[DATA TO PROCESS — start]

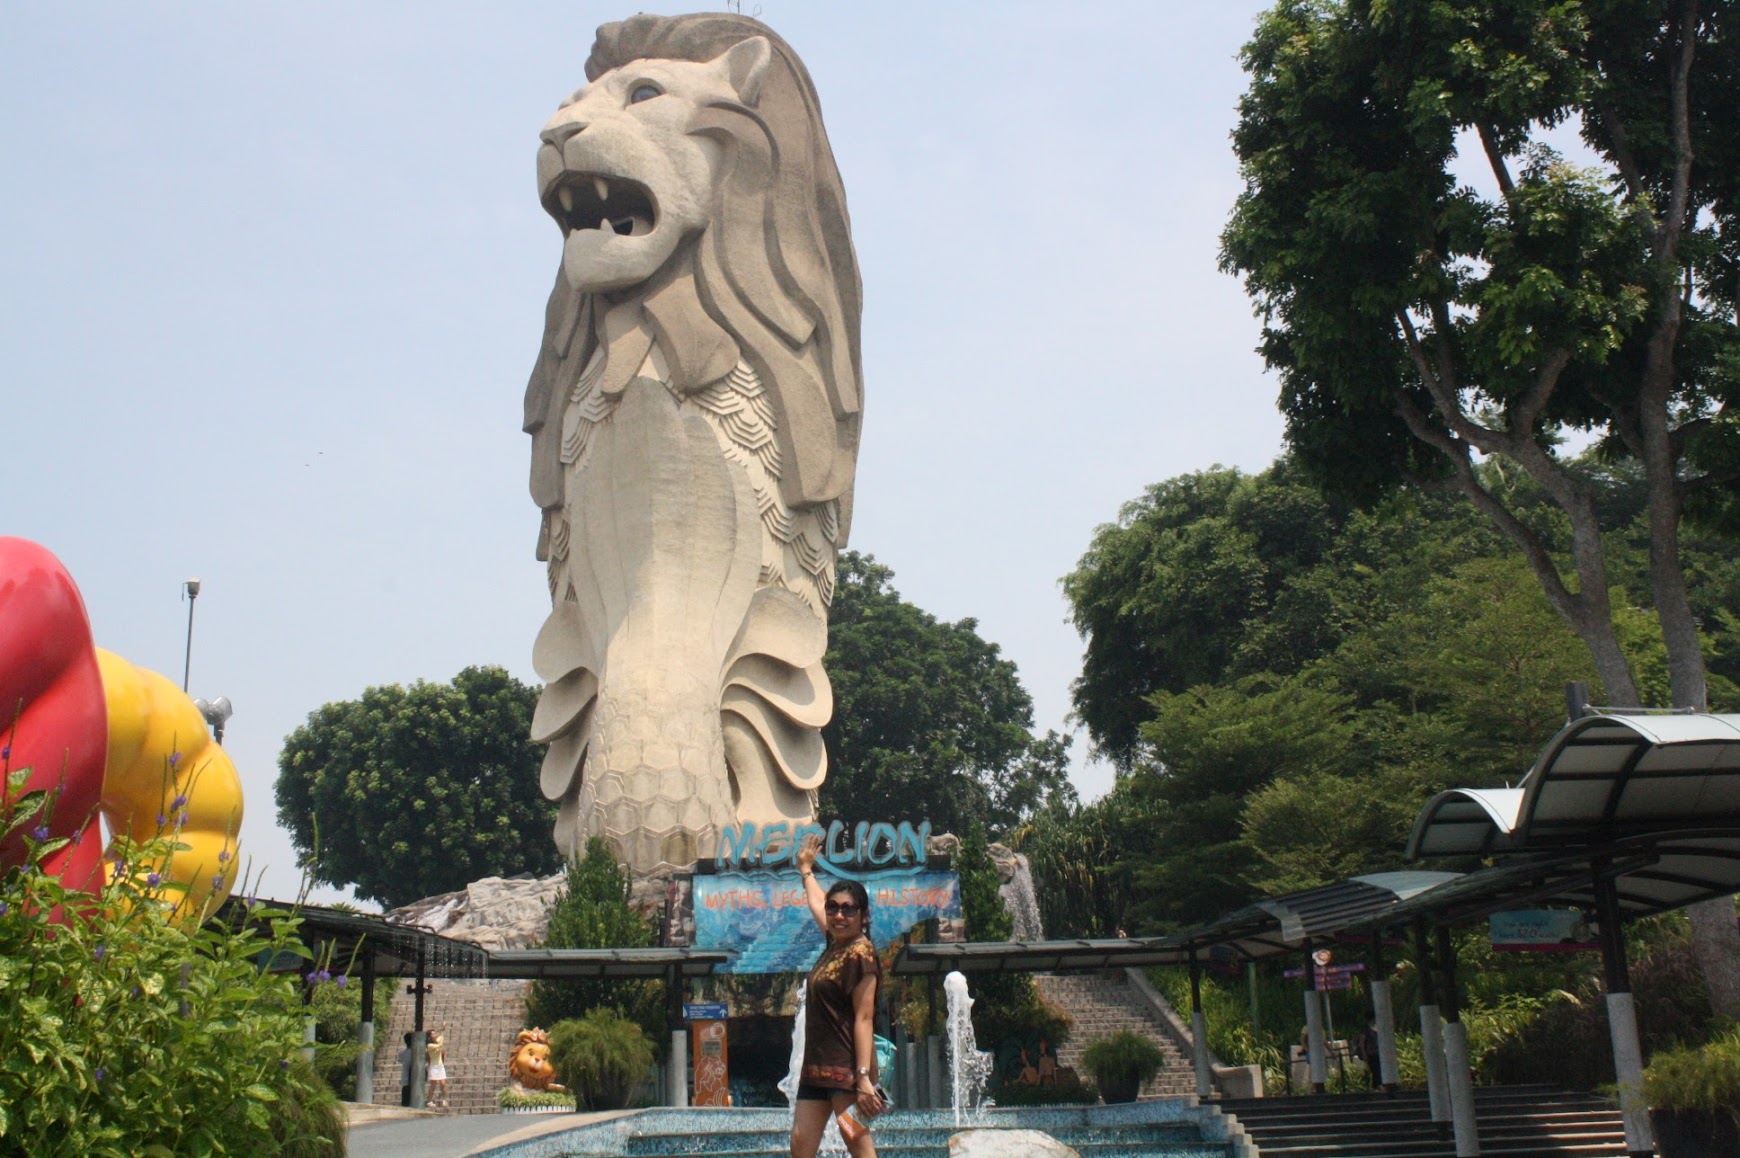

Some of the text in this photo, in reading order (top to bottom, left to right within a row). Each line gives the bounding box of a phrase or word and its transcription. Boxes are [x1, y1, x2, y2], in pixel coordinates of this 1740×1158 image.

[716, 820, 931, 867] MERLION
[705, 888, 768, 910] MYTHS,
[877, 886, 949, 908] HISTORY
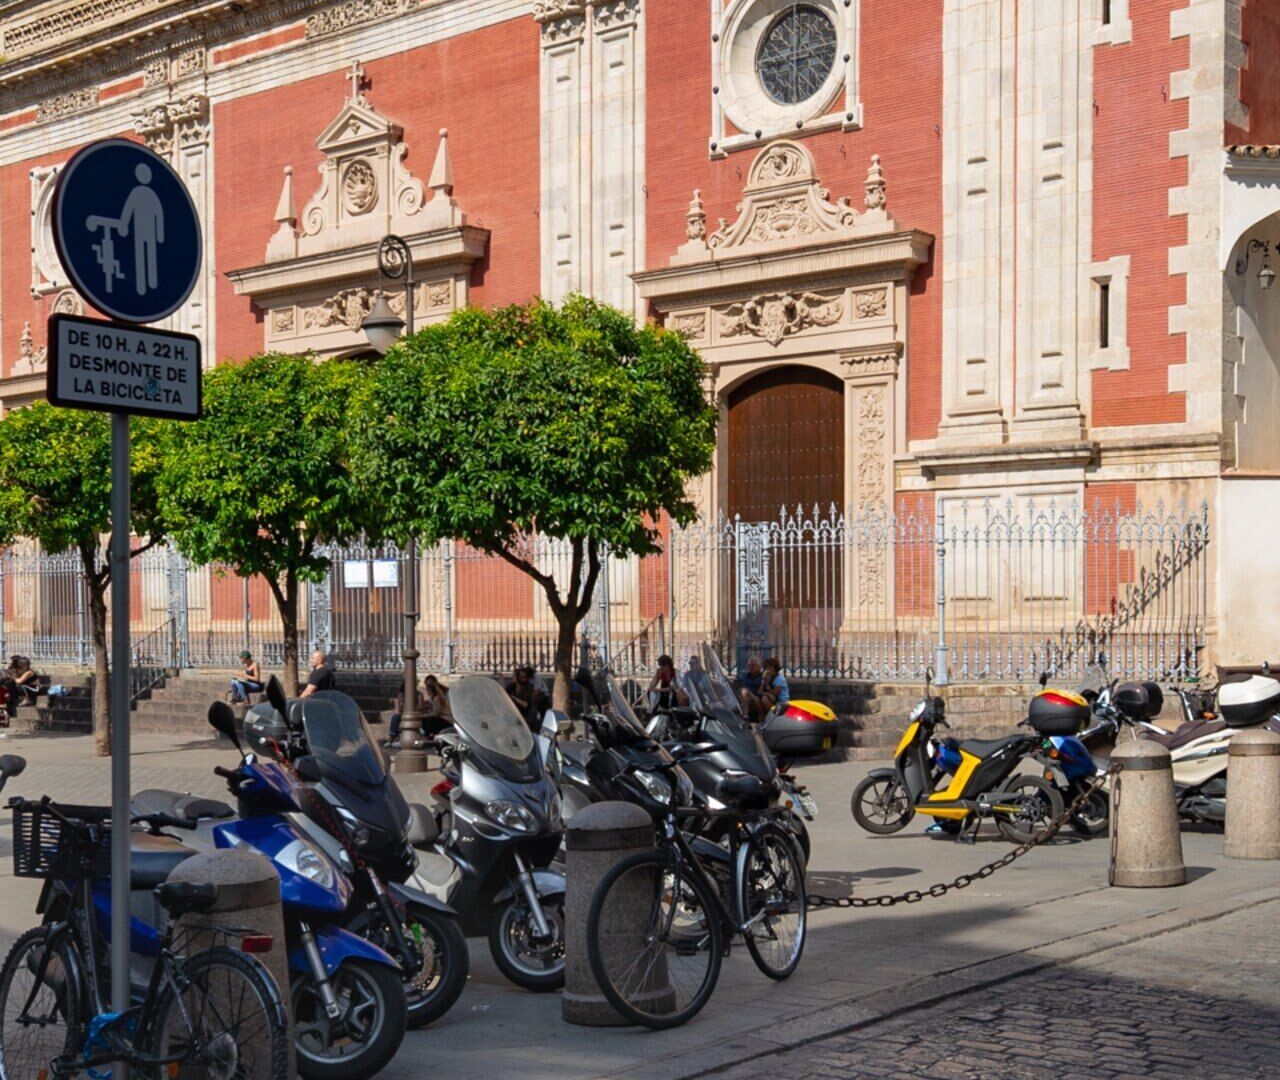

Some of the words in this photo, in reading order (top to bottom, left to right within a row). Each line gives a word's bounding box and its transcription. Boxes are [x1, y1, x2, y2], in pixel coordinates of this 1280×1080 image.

[68, 329, 90, 347] DE
[95, 334, 113, 350] 10
[116, 337, 131, 353] H.
[136, 341, 147, 356] A
[153, 342, 171, 359] 22
[174, 345, 189, 361] H.
[69, 353, 162, 380] DESMONTE
[167, 367, 187, 383] DE
[74, 377, 95, 395] LA

[DATA TO PROCESS — finish]

WORK ITEM — Only the text of the listing above is wanted, transcribed exactly, without its images.

WRITTEN SOLUTION —
Some of the text in this photo, in reading order (top to bottom, left to right within a row). Each line gives the bounding box of a phrase or word and its transcription. Boxes are [x1, y1, x2, y2], in pixel coordinates of this 1740×1158 image.

[716, 820, 931, 867] MERLION
[705, 888, 768, 910] MYTHS,
[877, 886, 949, 908] HISTORY

Some of the words in this photo, in reading order (top to bottom, left to right within a row). Each line gives a word's bounding box and its transcription. Boxes are [x1, y1, x2, y2], in pixel coordinates of this 1280×1080 image.

[68, 329, 90, 347] DE
[95, 334, 113, 350] 10
[116, 337, 131, 353] H.
[136, 341, 147, 356] A
[153, 342, 171, 359] 22
[174, 345, 189, 361] H.
[69, 353, 162, 380] DESMONTE
[167, 367, 187, 383] DE
[74, 377, 95, 395] LA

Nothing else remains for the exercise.